The economic impact of Brexit will later be the focus of a debate on common goods while the behind-the-scenes government eyelashes work to gain support for Theresa May.
Ministers will say that this creates a unique partnership with the EU, while Labor argues that it will make people poorer.
On Wednesday, the whip leader, Julian Smith, attempted to win Pro-Brexit-Tories, while officials later informed MEPs of a scenario without agreement.
However, a Brexiter complained that this was an offer for "Spook-Grandees".
Before the third of the five days of the debate, some conservatives suggested that the prime minister postpone the vote next Tuesday to avoid defeat.
A government source told the BBC that whips are testing all options for the majority.
The BBC's political correspondent, Nick Eardley, said there were "fierce speculations about Westminster" about what ministers could offer to get support, including the backlog of MPs and whether the controversial "support" is adopted or not.

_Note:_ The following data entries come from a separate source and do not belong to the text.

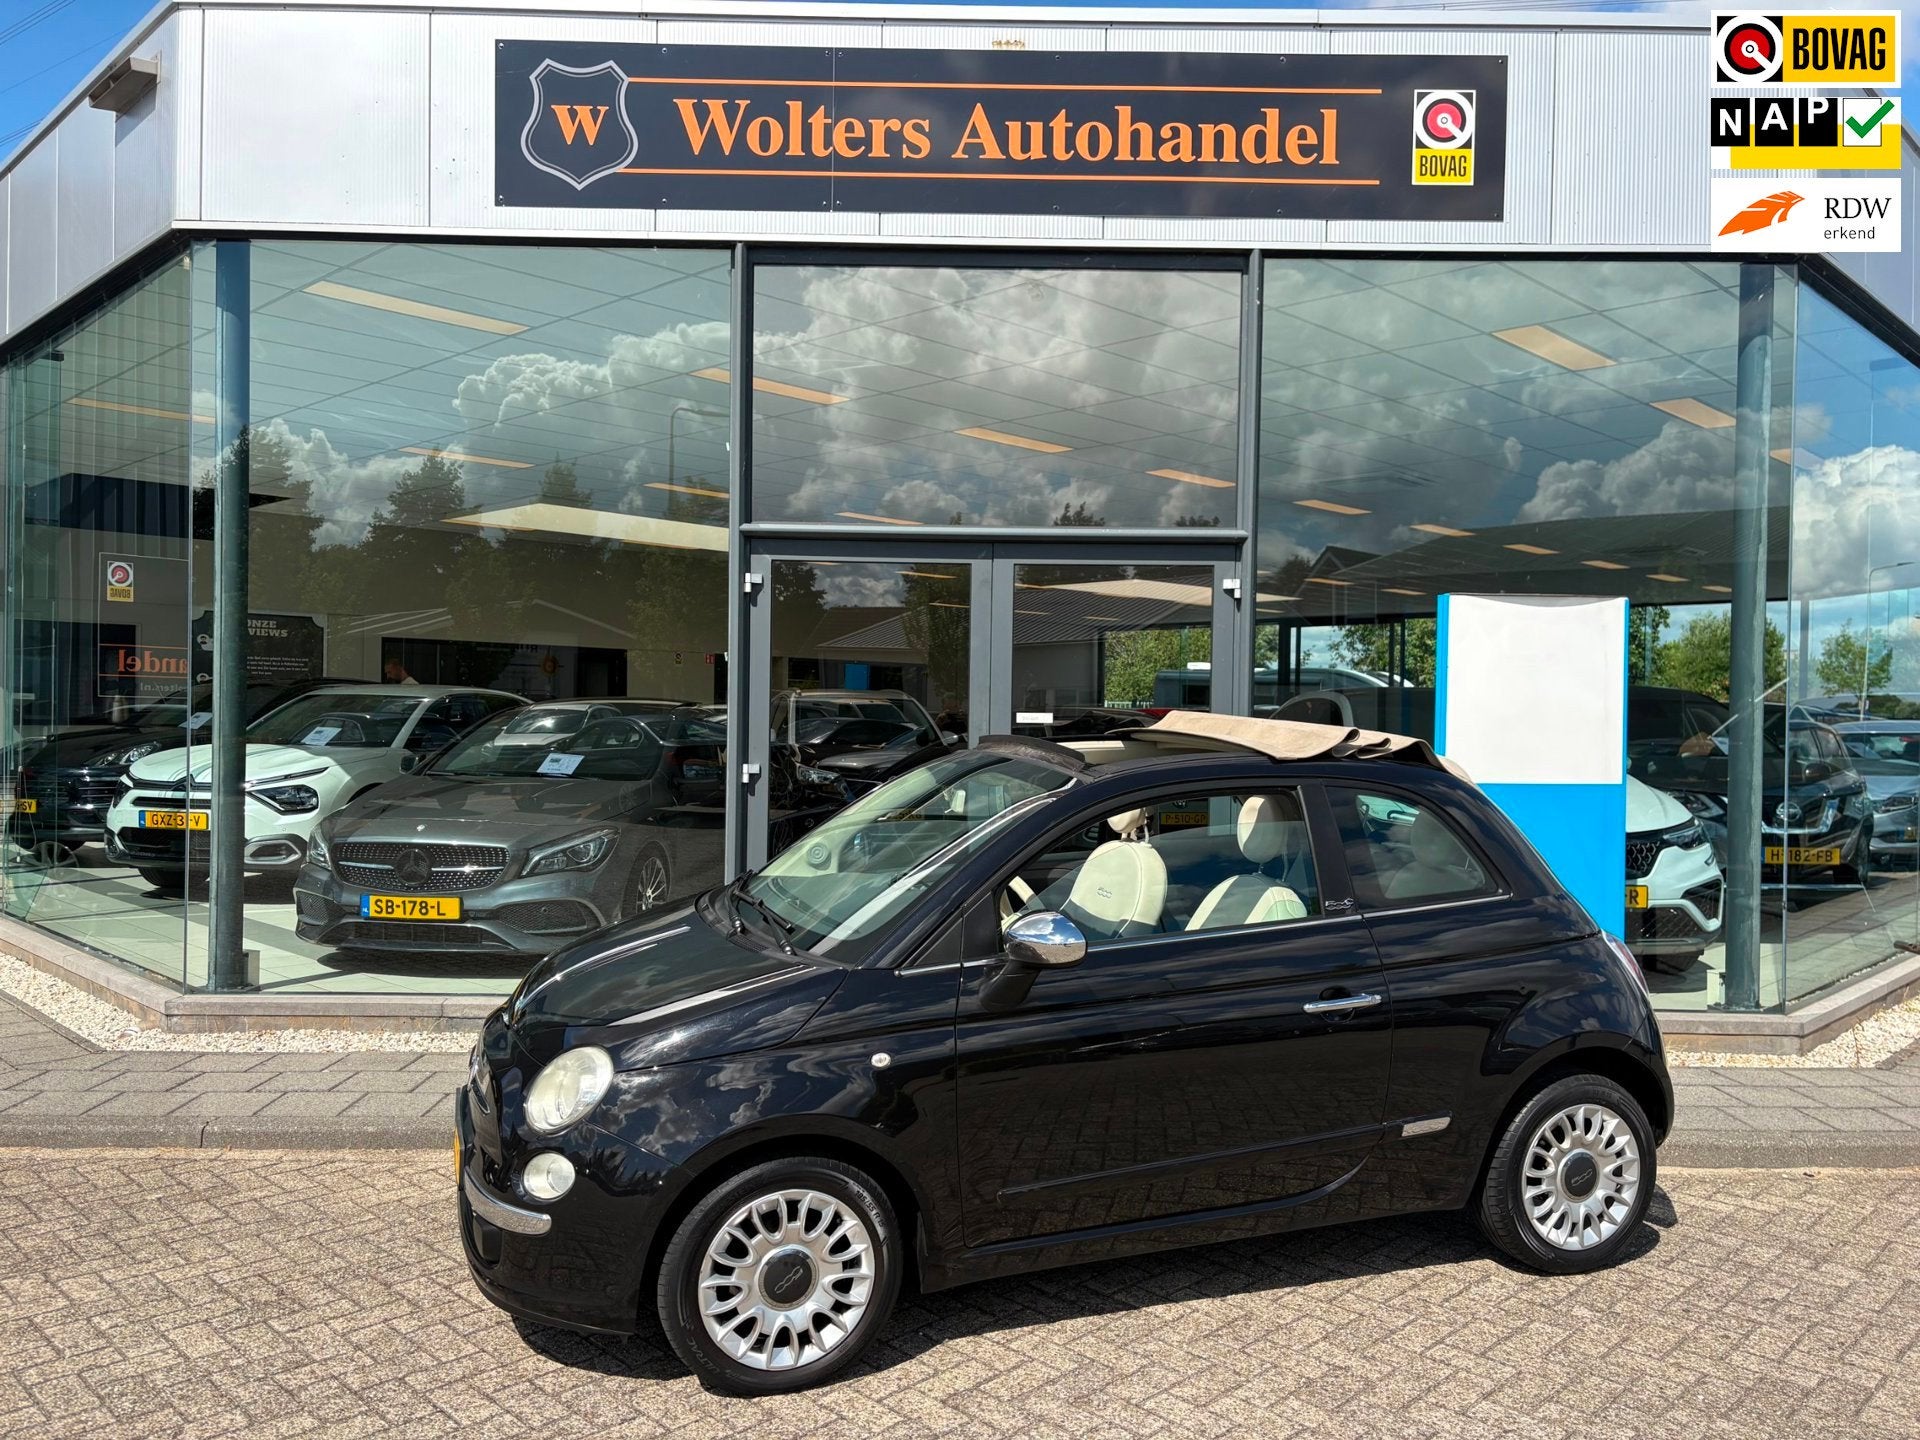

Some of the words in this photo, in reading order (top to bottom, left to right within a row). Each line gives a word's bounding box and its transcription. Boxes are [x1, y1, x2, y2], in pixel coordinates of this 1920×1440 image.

[551, 104, 609, 146] W
[673, 98, 931, 159] Wolters
[951, 102, 1340, 165] Autohandel
[1420, 155, 1467, 177] BOVAG
[152, 814, 201, 827] GXZ-3-V
[1771, 849, 1833, 862] H-182-FB
[374, 899, 446, 916] SB-178-L

However, he added: "From today's point of view, the approval of the Brexit Parliament's approval remains a major challenge".
The Daily Telegraph reports that the EU might be ready to discuss the extension of Article 50 – postponing Brexit to March 29 – if the agreement had been rejected by parliamentarians.
Meanwhile, the Northern Ireland Democratic Union Party, which supports the May administration, said it will support the government in a motion of no confidence if the agreement is removed.
The backstop is designed to protect the peace process of Northern Ireland by preventing the return of customs offices and checkpoints to the Irish border if a future EU-EU trade agreement has not been agreed.
While the whole of the United Kingdom would be temporarily subject to EU customs legislation, it would require new controls on goods transported from Great Britain to Northern Ireland, which the DUP considers unacceptable.
Full legal representation presented to the Council of Ministers before the Brexit agreement was agreed was made public on Wednesday after the government lost an offer of confidentiality.
He revealed the Chief Law Officer's view that support risked a "lengthy negotiation" with the EU could continue "indefinitely" and the UK could not "legally retire" without an EU agreement.
The DUP has said it is "devastating" for Britain.
Jacob Rees-Mogg, president of the European research group Pro-Brexit Conservative Backbench (ERG), met DUP chief Westminster Nigel Dodds on Wednesday.
The press association quoted Rees-Mogg later saying to the ERG that the conservatives risked losing support to the DUP when Ms. May's deal passed, which would have led to the possibility of triggering parliamentary elections .
Parliament could "steal Brexit"
Thursday's debate will be opened by Federal Chancellor Philip Hammond at 11:30 GMT. The Minister of International Trade Liam Fox should close the case after about eight hours.
On Wednesday, Hammond told the Ministry of Commons: "If there is an agreement on the table that will cost very little to the economy, which will allow us to move forward as a nation both economically and politically, I can judge it restrictively, economically this it will be in the best interests of the country. "
Fox warned of the risk that Parliament would try to "steal Brexit from the British people" after parliamentarians decided to comment more on the trial.
He said that there is a "natural majority of Remain" in Parliament, and any attempt to delay the exit of Britain or to reverse the vote in 2016 would be a "democratic affront".